It's a suburb, an upper-middle-class place. Decent spot to raise kids, if you listen to the real estate pitch. There are greenbelts and neighborhood playgrounds and big back yards to play in. There's also at least one long strip of cleared land with high-tension power lines running through it. Adam Stitch was at the edge of one of those, clutching his forehead with his left hand.

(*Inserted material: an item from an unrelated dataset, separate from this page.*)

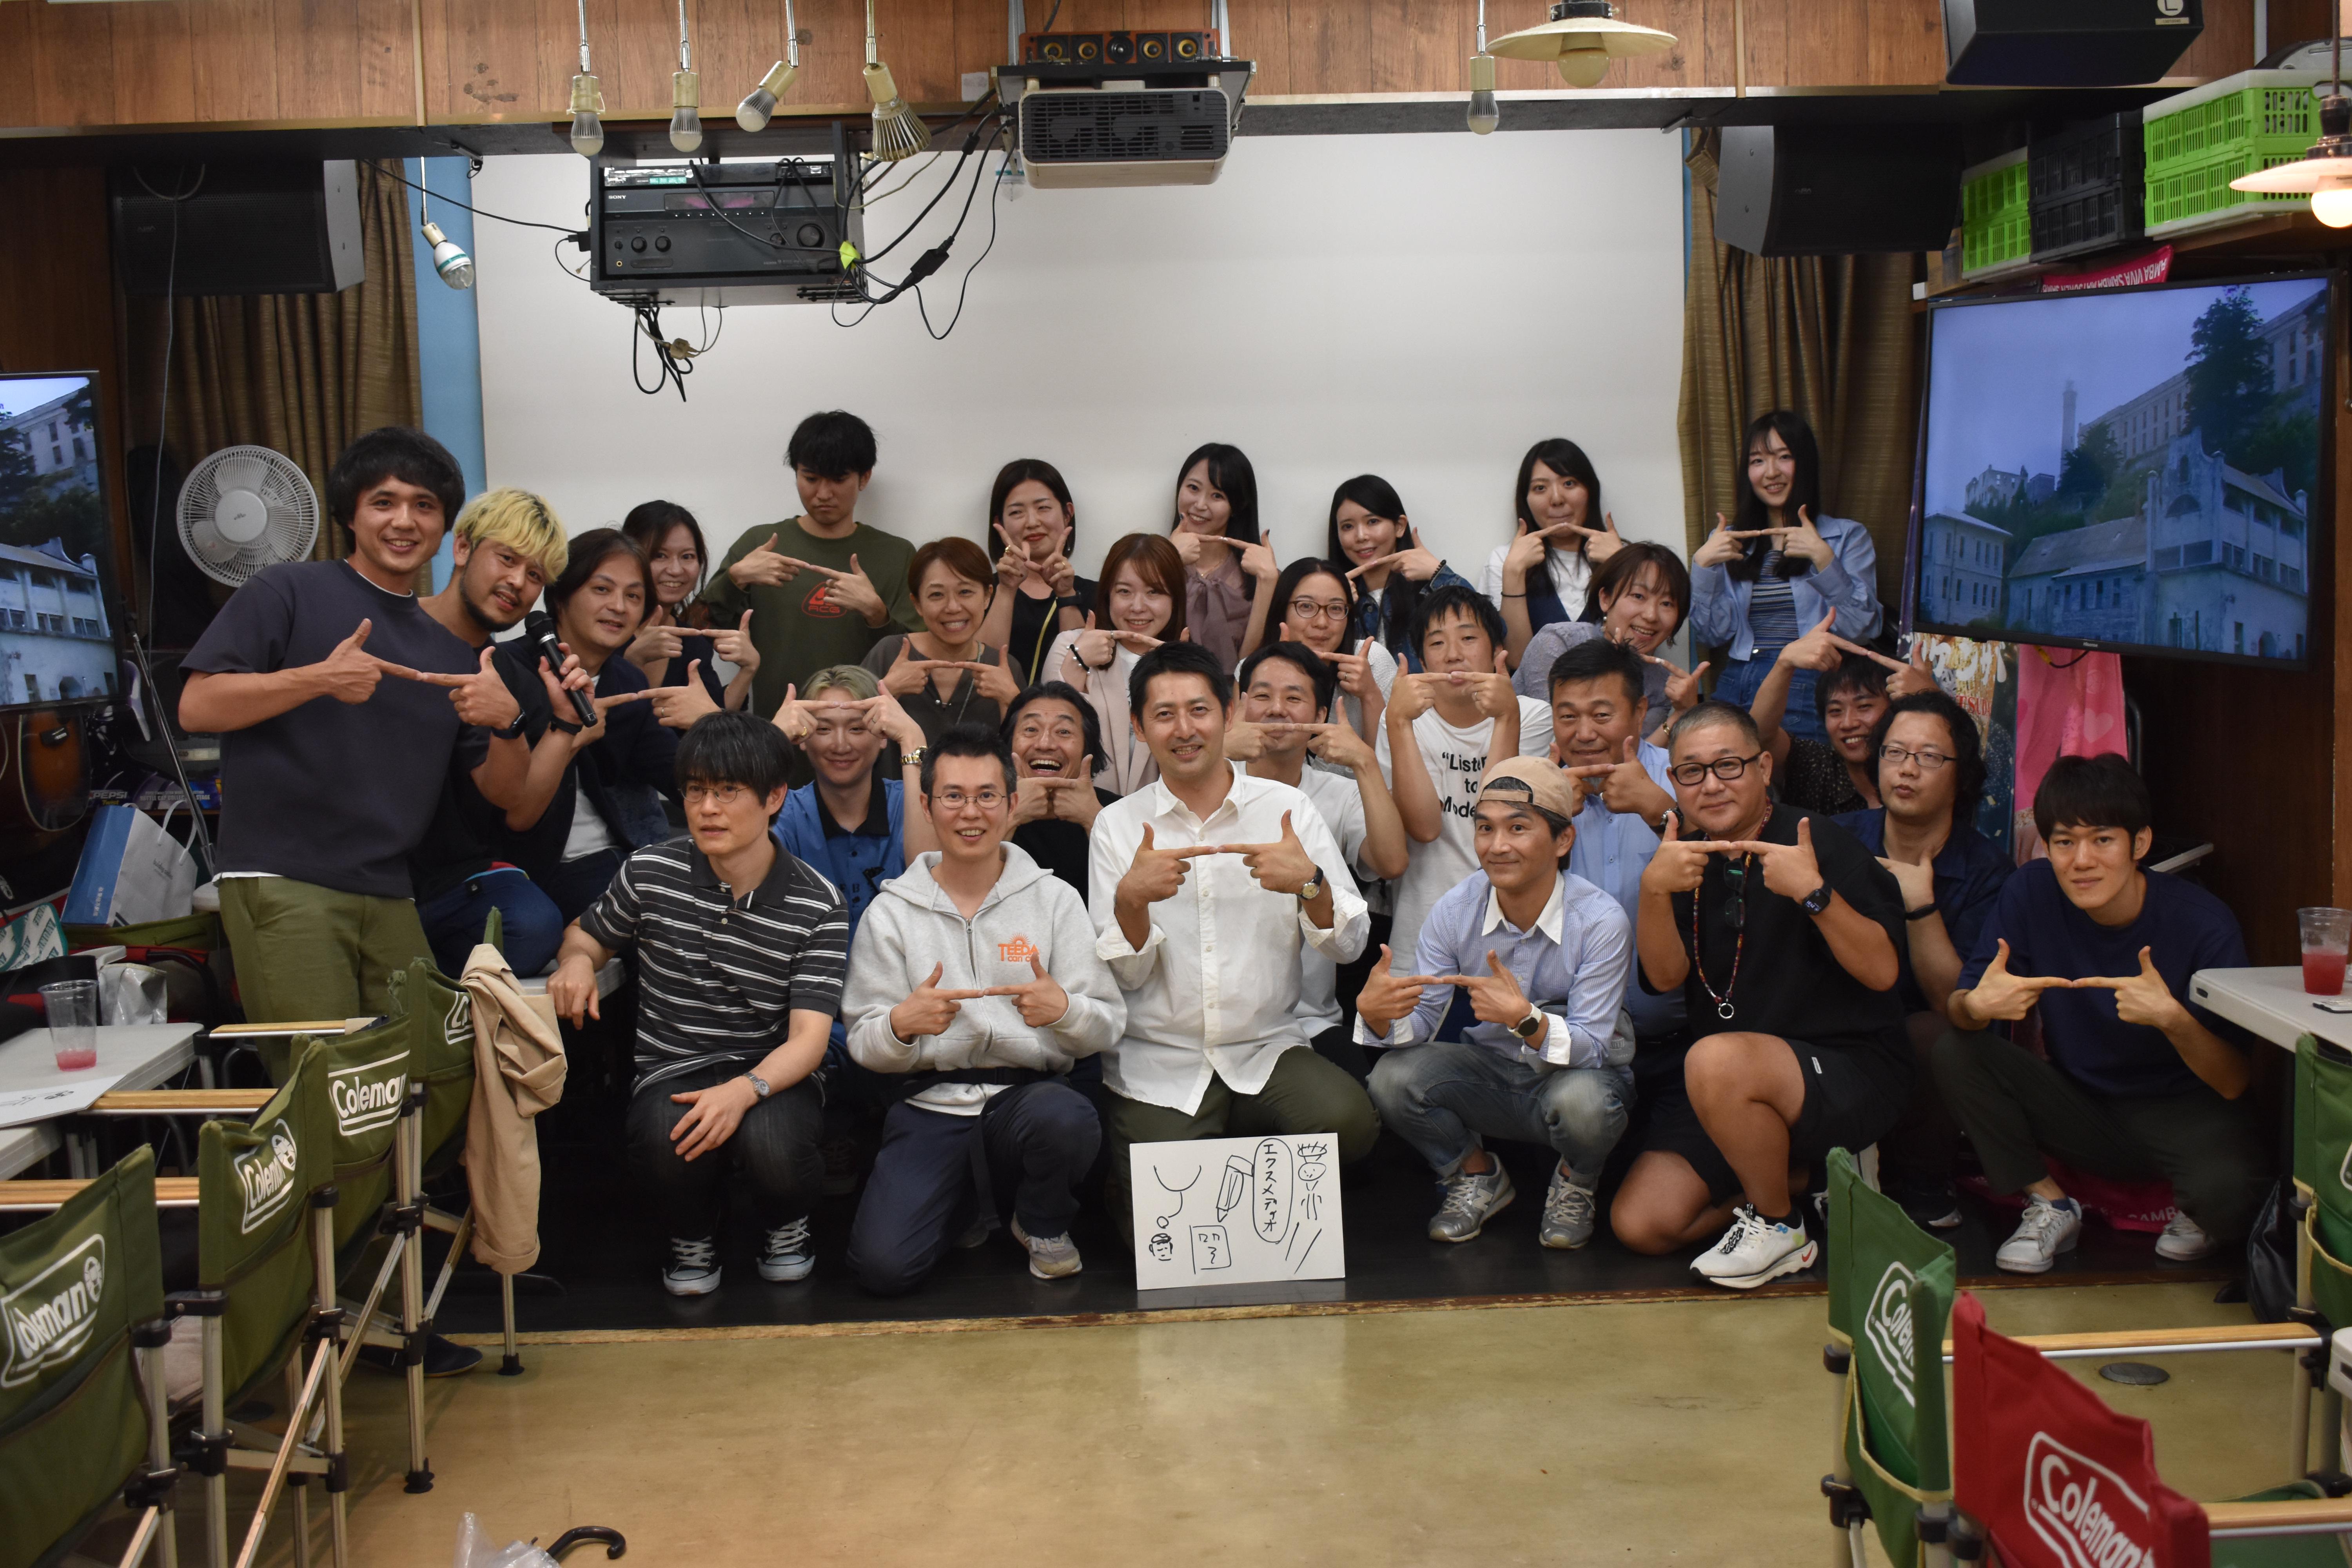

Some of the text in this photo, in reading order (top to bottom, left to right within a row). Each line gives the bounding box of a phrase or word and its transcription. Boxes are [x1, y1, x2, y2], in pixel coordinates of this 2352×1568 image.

Because of that, he didn't notice Guardian until it was almost too late and there was a pickup truck flying towards his head. He could have taken the hit, of course—this is Stitch we're talking about—although it would have hurt him, slowed him down. But he heard it coming, and bounded clear, and his surge of pure, ecstatic rage on seeing Guardian—

Well, that's who Stitch is, isn't it? He leapt into the air, half a football field high, drawing back his spiked-ball fist and bellowing wordlessly. He was going to crush Guardian, hurt Guardian, punch twist kick pound pummel mutilate—

Guardian dodged, of course. Grabbed Stitch by the foot as he went past and swung him like a hammer toss, winding up to throw him into the power lines. Stitch, showing uncommon presence of mind, triggered the spiked ball on his hand and shot it directly into Guardian's face.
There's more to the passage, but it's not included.